Couldn't disagree more. RAW is so dependent on technicalities and wide open to ridiculous builds and cheese that it's not even funny. Any game that allows strict RAW interpretations, often based on ambiguity and poor wording by the designers, is bound to end up mired in absolutely awful rules interactions and cheesy exploitation of technicalities and twisted logic.

RAW may be definitive as far as allowed interpretation goes, but it produces bad games. RAI, while more depended on on-the-spot rulings, is much more satisfying because it moves the game away from the monster it has become because of RAW-exploiting builds and cheap tricks, and towards common sense and the game the designers had in mind when they wrote their flawed system.
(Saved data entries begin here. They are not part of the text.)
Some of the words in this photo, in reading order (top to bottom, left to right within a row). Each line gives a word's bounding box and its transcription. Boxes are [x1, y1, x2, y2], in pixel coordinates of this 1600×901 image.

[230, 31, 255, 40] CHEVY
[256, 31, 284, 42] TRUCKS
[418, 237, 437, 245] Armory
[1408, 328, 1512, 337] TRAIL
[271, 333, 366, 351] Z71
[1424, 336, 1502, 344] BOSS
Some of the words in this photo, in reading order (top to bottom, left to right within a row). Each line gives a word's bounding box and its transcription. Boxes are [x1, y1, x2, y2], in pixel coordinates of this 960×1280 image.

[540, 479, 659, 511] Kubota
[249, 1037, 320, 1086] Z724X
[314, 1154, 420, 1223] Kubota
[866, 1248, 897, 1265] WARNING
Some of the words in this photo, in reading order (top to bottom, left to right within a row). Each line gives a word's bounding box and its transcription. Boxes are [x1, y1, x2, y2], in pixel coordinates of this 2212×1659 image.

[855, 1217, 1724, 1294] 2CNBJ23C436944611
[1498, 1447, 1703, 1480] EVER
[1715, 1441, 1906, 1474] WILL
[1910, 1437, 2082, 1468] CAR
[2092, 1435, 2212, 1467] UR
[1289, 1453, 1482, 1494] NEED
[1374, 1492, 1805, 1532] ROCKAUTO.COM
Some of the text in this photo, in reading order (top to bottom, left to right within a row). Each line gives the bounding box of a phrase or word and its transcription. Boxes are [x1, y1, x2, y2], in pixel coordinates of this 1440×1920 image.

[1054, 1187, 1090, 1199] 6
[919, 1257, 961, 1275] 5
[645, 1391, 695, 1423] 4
In short, RAW is a terrible way to play.

icefractal
2014-10-22, 03:45 PM
I don't so much go "RAI", as I go "the game designers weren't perfect, I'm not going to treat what they wrote as unimpeachable". Like for example, drown healing - I don't disallow that because it's not RAI, I disallow it because it's stupid.

I don't think it's possible to play fully RAW for any group that fully comprehends the RAW, because doing that means you achieve NI power at 1st level (as does everyone else), and the game turns into some kind of philosophical exercise. You're always going to at least be removing the NI-loops if you want to play a functional game.